But every now and then, companies do dumb things that leave us scratching our heads. Like what Microsoft did with a friend of mine earlier this week.

My friend, who because of his work needs to remain anonymous, received a call from "Microsoft tech support". There's alarm bell number one. And where did the call originate? Nigeria. That's alarm bell number two.

As it happened, my friend had a support call in with Microsoft and the engineer that called him via Nigeria was, in fact, an actual support engineer from Microsoft. After some discussion, it was established that the engineer was working from Mumbai and that Microsoft routes its calls around the world to get the lowest call charges.

Which makes great sense except that we've spent the last 30 years being told to be aware of dodgy messages and calls from Nigerian princes.

As my mate said: "Microsoft, couldn’t you have dropped a VoIP gateway into Australia rather than Nigeria?".

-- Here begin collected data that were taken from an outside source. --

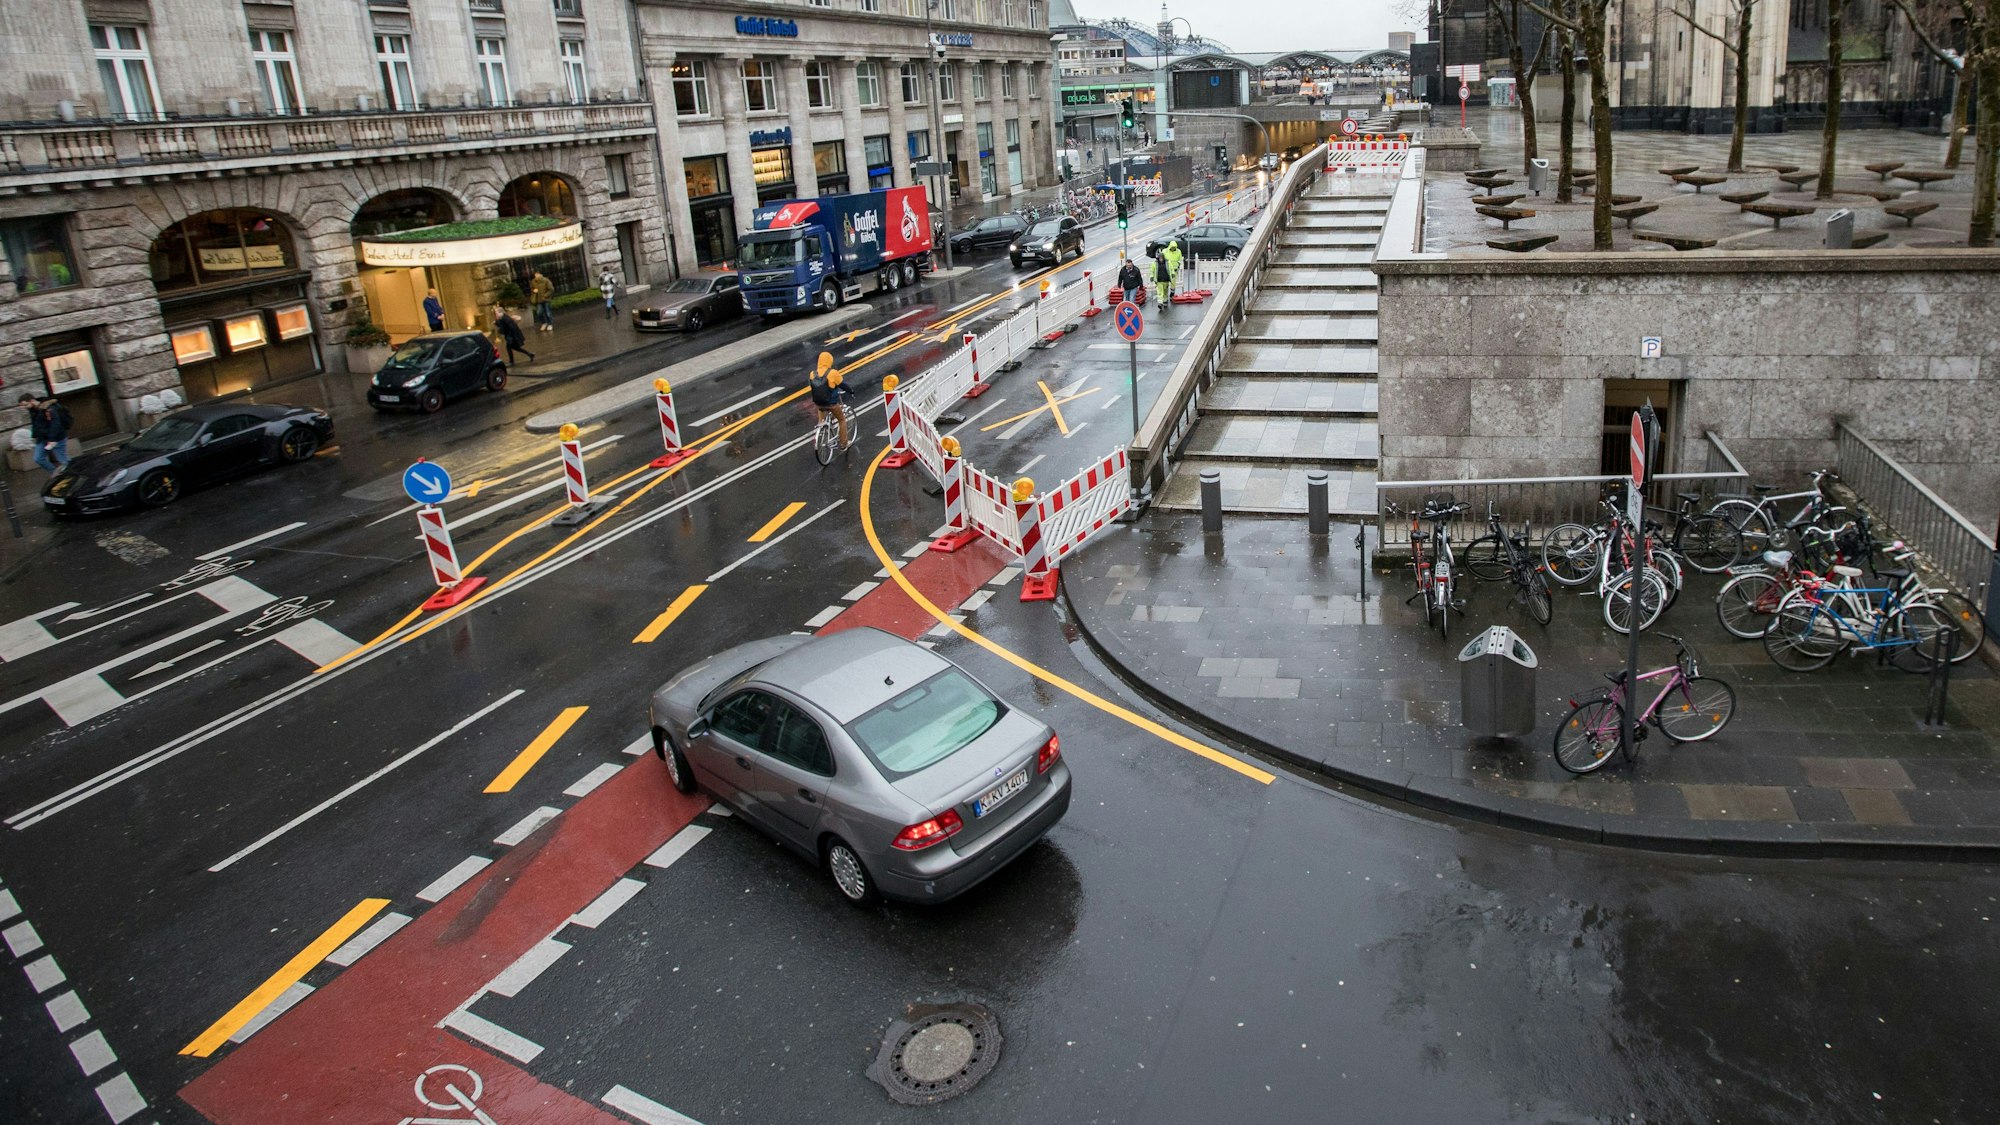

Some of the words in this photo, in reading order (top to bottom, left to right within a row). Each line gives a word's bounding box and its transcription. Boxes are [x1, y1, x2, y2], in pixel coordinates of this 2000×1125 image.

[1210, 75, 1220, 87] U
[1067, 94, 1096, 102] DOUGLAS
[853, 209, 880, 235] Gaffel
[521, 236, 557, 250] Excelsior
[388, 247, 415, 260] Hotel
[418, 248, 446, 260] Ernst
[1646, 342, 1658, 356] P
[1004, 771, 1026, 794] 1407

Many people have been called, over recent weeks, by scammers who either are in Africa or are routing calls through there to reduce their costs. So, it's not unreasonable to expect tech companies to get wise and adjust their processes. Customers shouldn't be put into a position where they have to discern whether a call is legitimate or not.

Protecting you personal data is a big deal. And most security experts agree that one of the most effective weapons against bad guys is you - the human firewall. But when companies do dumb things that fly in the face of years of training and conditioning, they make it harder for people to make good decisions when it comes to being safe in our digital interactions.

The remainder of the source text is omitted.